Une histoire à l’envers
Un jeu de l’amour et du hasard bienvenu que propose le théâtre avec «Trahisons» de Harold Pinter
C’est de façon très originale que le dramaturge anglais Harold Pinter (1930-2008) traite de l’éternel triangle amoureux: le mari, la femme et son amant. Les tribulations de leur aventure en trio, il ne nous invite pas à les suivre chronologiquement. Non, cette histoire, il nous la raconte à l’envers. Ce trio, que nous allons suivre à rebours, c’est celui d’Emma, de Robert, son mari, de Jerry, le meilleur ami de celui-ci – il a même été son «garçon d’honneur».

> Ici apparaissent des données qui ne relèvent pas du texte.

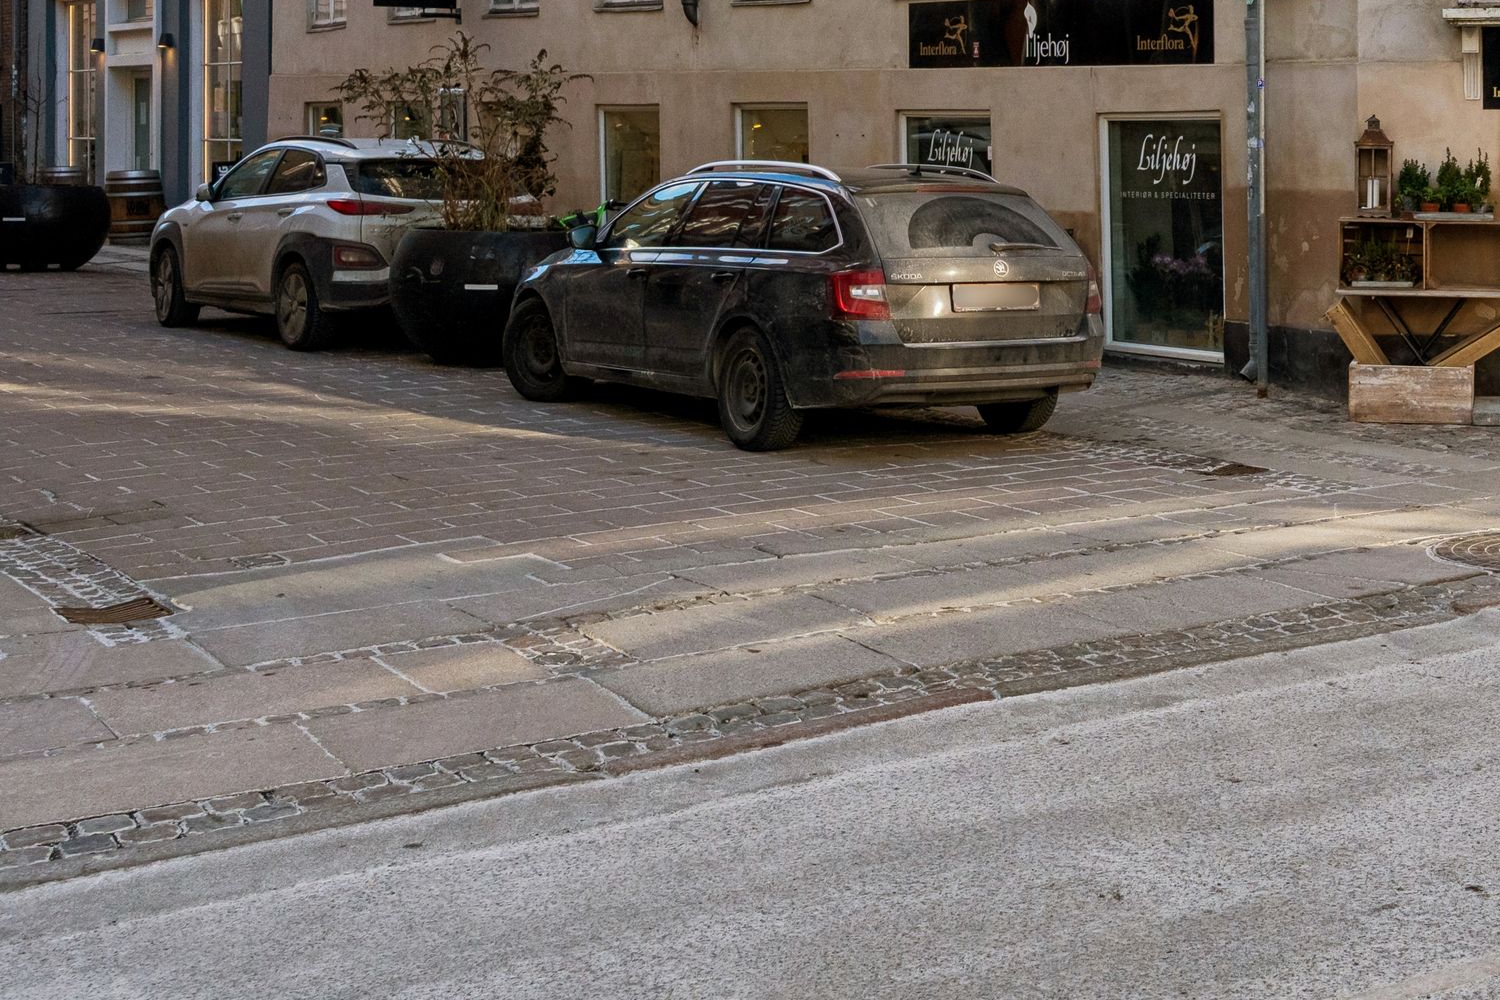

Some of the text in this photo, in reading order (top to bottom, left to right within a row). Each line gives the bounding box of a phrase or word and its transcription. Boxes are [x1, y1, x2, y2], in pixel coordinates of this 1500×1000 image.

[920, 41, 957, 56] Interflora
[1136, 33, 1185, 50] Interflora
[928, 129, 974, 169] Liljehøj
[1137, 133, 1197, 185] Liljehøj
[1161, 191, 1216, 200] SPECIALITETER
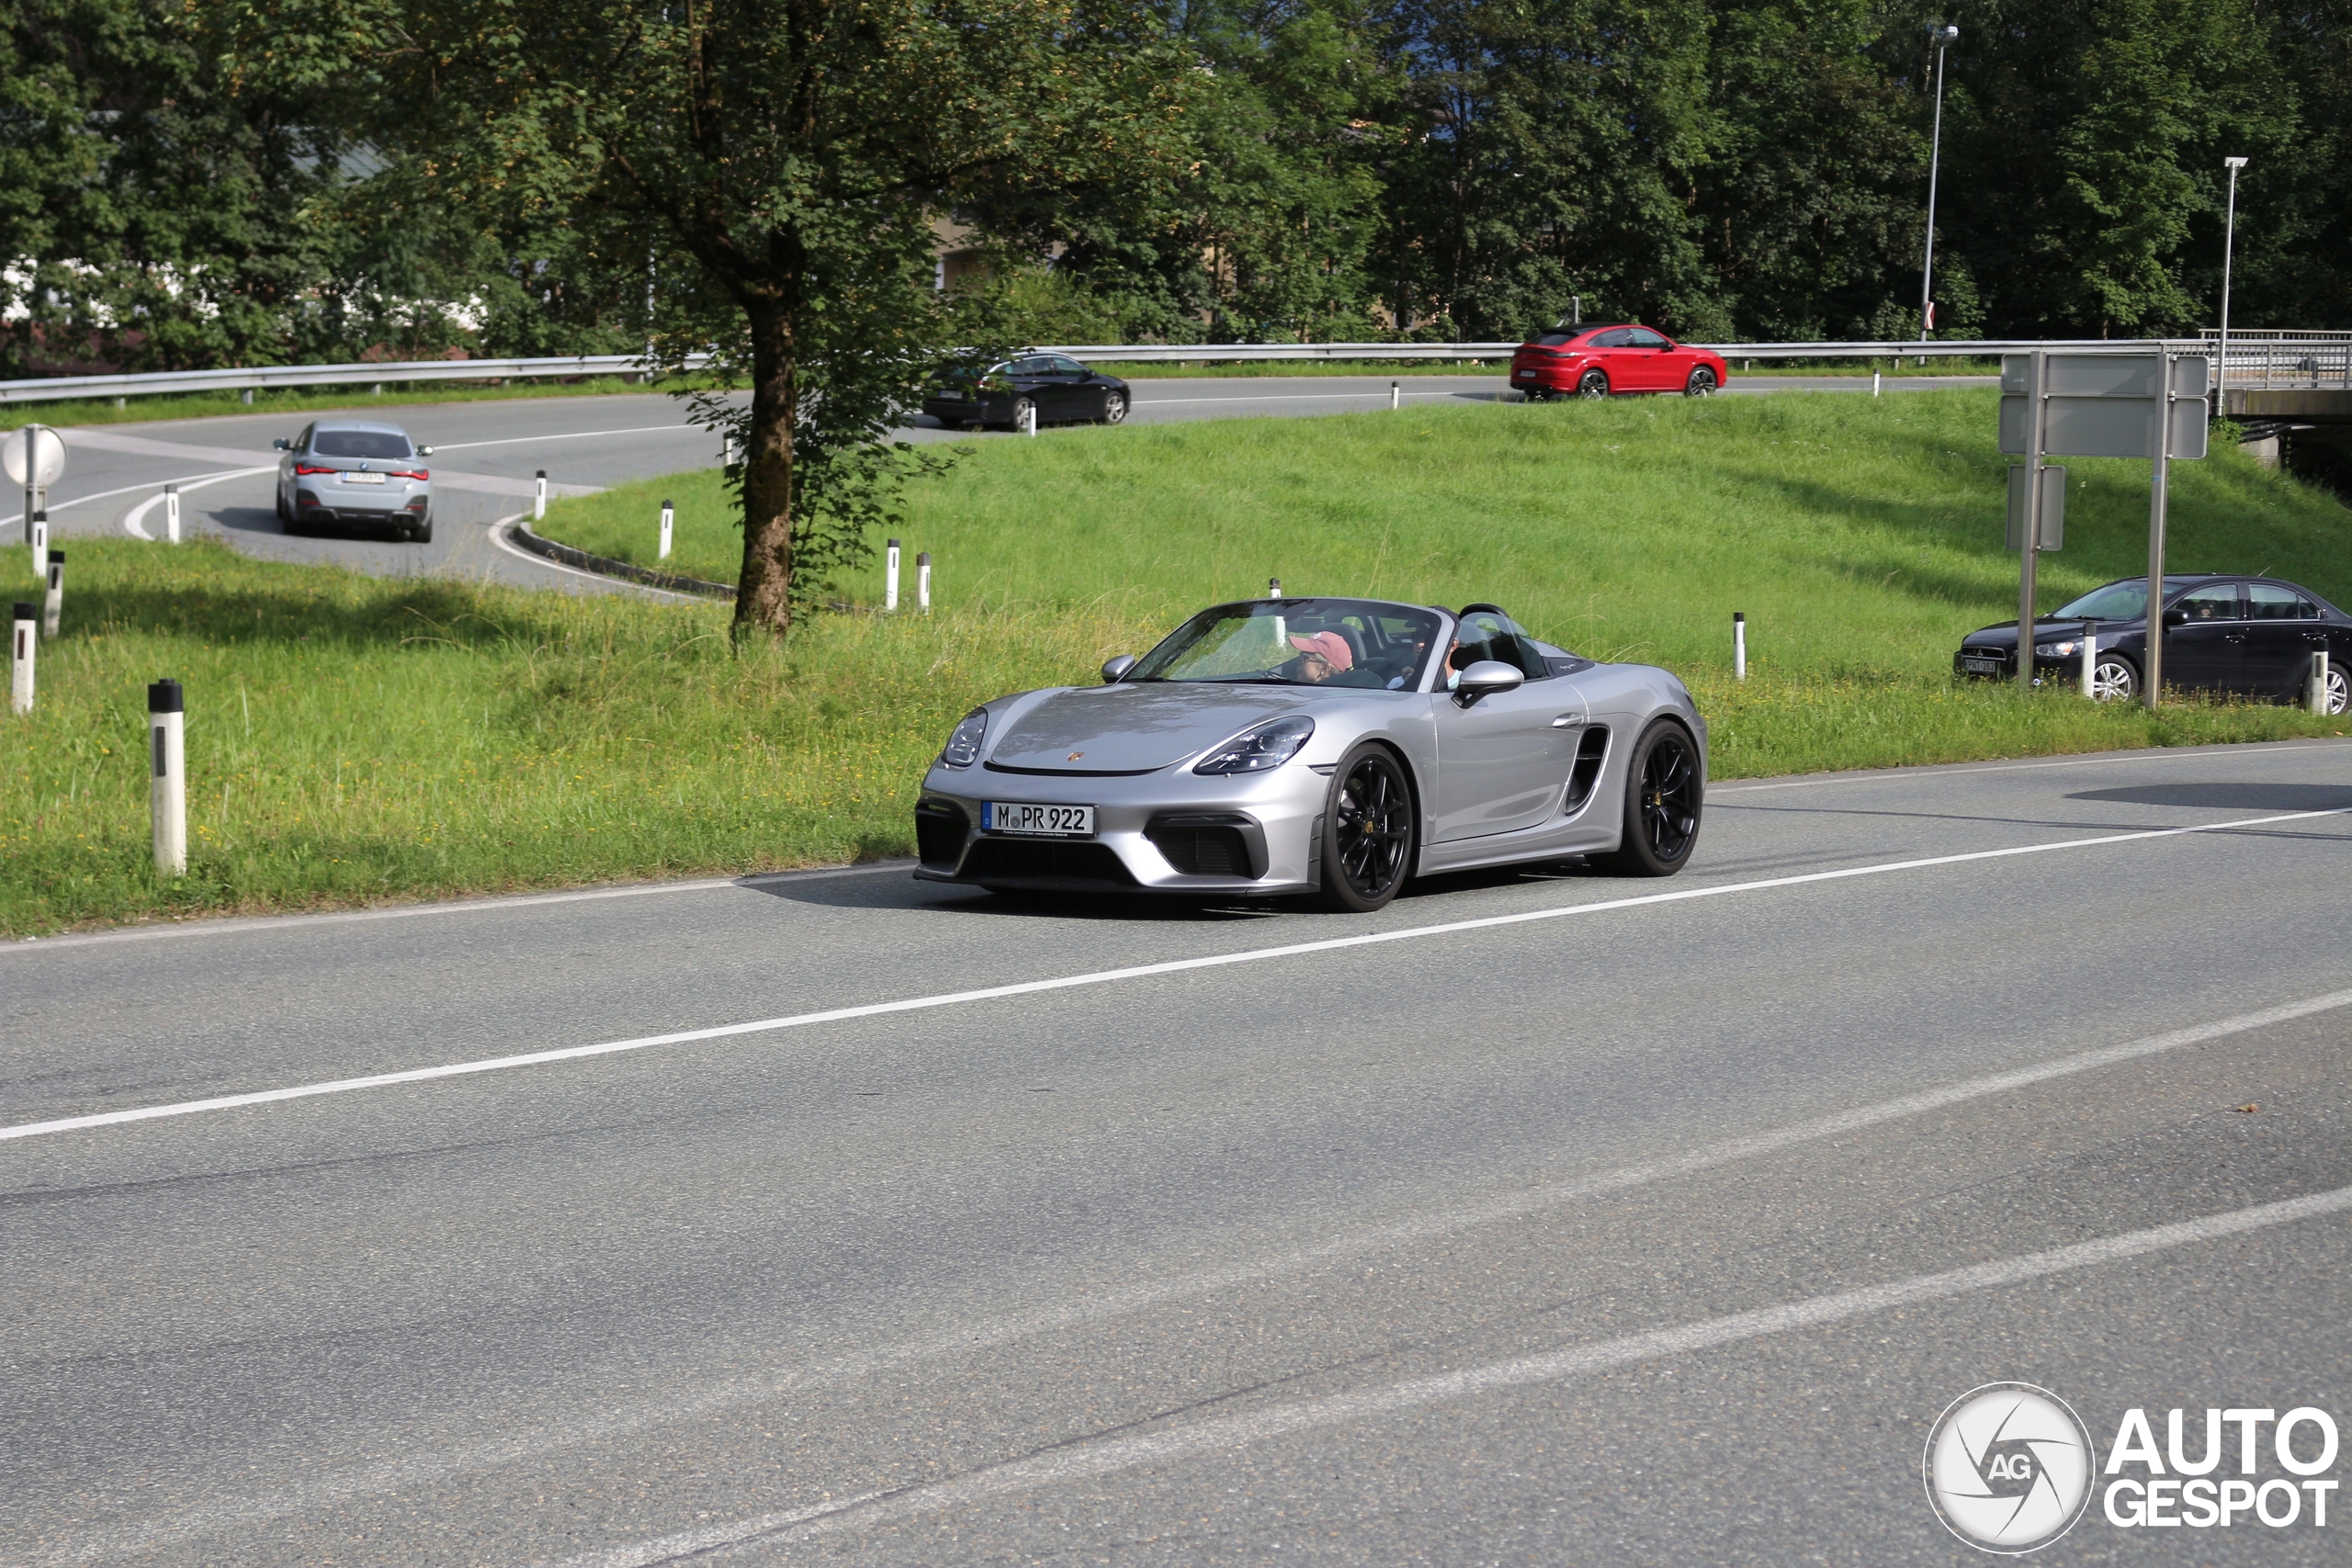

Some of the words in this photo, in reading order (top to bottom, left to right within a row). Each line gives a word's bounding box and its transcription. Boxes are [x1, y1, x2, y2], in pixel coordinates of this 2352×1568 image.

À partir d’une première «scène d’exposition», nous découvrons différents moments-clé de «l'aventure», dont les fondements nous sont chaque fois révélés par la scène suivante, antérieure, pour en arriver à la déclaration d’amour enflammée initiale de Jerry pour Emma. Emma qui aura trahi son mari, Jerry qui aura trahi son ami. Mais ce dont on prend conscience aussi peu à peu, c’est qu’aucun d’entre eux ne connaît vraiment toute la vérité de leurs relations. Ainsi, Jerry ignore qu’Emma a tout avoué à Robert quatre ans plus tôt. Un Robert qui ne dira rien de ce qu’il sait à Jerry, continuant à le traiter comme son ami. Un Robert qui finira également par avouer ses multiples infidélités. «Trahisons»: le pluriel du titre français de la pièce est donc bien justifié.
Le public sait plus que les personnages
Un des bonheurs de cette pièce est que nous, le public, nous en savons plus que les personnages et nous réjouissons donc de ce qu’ils pensent et disent, et qui est contredit ou nuancé par la réalité qu’ils ignorent. Mais ce bonheur se multiplie par le fait que peu à peu, nous aussi,, nous découvrons, grâce aux retours en arrière, des faits qui expliquent autrement ce que nous croyions être. C’est subtil. Et exprimé dans des dialogues ciselés dont Pinter est un grand maître. Tout aussi subtilement, il a l’art de donner vie à un certain Casey, un personnage dont on parle lors de chaque séquence et que l’on ne verra jamais; il a l’art de se référer sans cesse à des parties de squash que les deux hommes évoquent sans cesse sans jamais les livrer. Chaque révélation entraîne son lot de nouvelles interrogations, de perplexité. Ajoutons que tout cela, qui se déroule dans le monde de l’édition et des galeries d’art, est en outre bien révélateur de nos vanités, prétentions et jugements.l
Au TOL, la mise en scène de Véronique Fauconnet fait bien entendre les propos de personnages sans cesse attentifs à ce qu’ils peuvent dire et ne pas dire sous peine de trahir leur trahison. Surtout, elle donne un rythme exact à leurs mots, recherchés, retenus, hésitants parfois, marqués par une pause. Ce jeu des silences et des révélations, essentiel, elle nous le fait voir aussi dans la mise en place de ses comédiens, dans le jeu corporel de leurs proximités. De plus, tout cela est efficacement concrétisé dans la scénographie de Christian Klein – qui aussi a habillé Emma très élégamment.
Pour scander les neuf étapes du «retour en arrière», il a imaginé un jeu de stores vénitiens entrecroisés que les interprètes lèvent ou abaissent, ouvrent, entrebâillent ou ferment. Des stores traversés par les lumières pertinentes de Manu Nourdin, qui, sur le tempo des révélations, illuminent, dissimulent, laissent entrapercevoir. Dans cet environnement bienvenu, les trois in
terprètes imposent les personnalités de leur personnage: Steeve Brudey Nelson en mari sérieux, du moins en apparence, mais qui, en fait, mène le jeu alors qu’il semble la victime des deux autres; Jean-Thomas Bouillaguet, amant moins aimant qu’il ne le proclame, dans son refus notamment de prendre une décision par rapport à sa femme; Pauline Collet, elle aussi plus complexe
dans sa réalité que celle qu’elle donne à voir à son amant – rappelez-vous: elle a tout dit à son mari quatre ans auparavant.
Oui, c’est un jeu de l’amour et du hasard «rebobiné» bienvenu que propose le TOL ces jours-ci.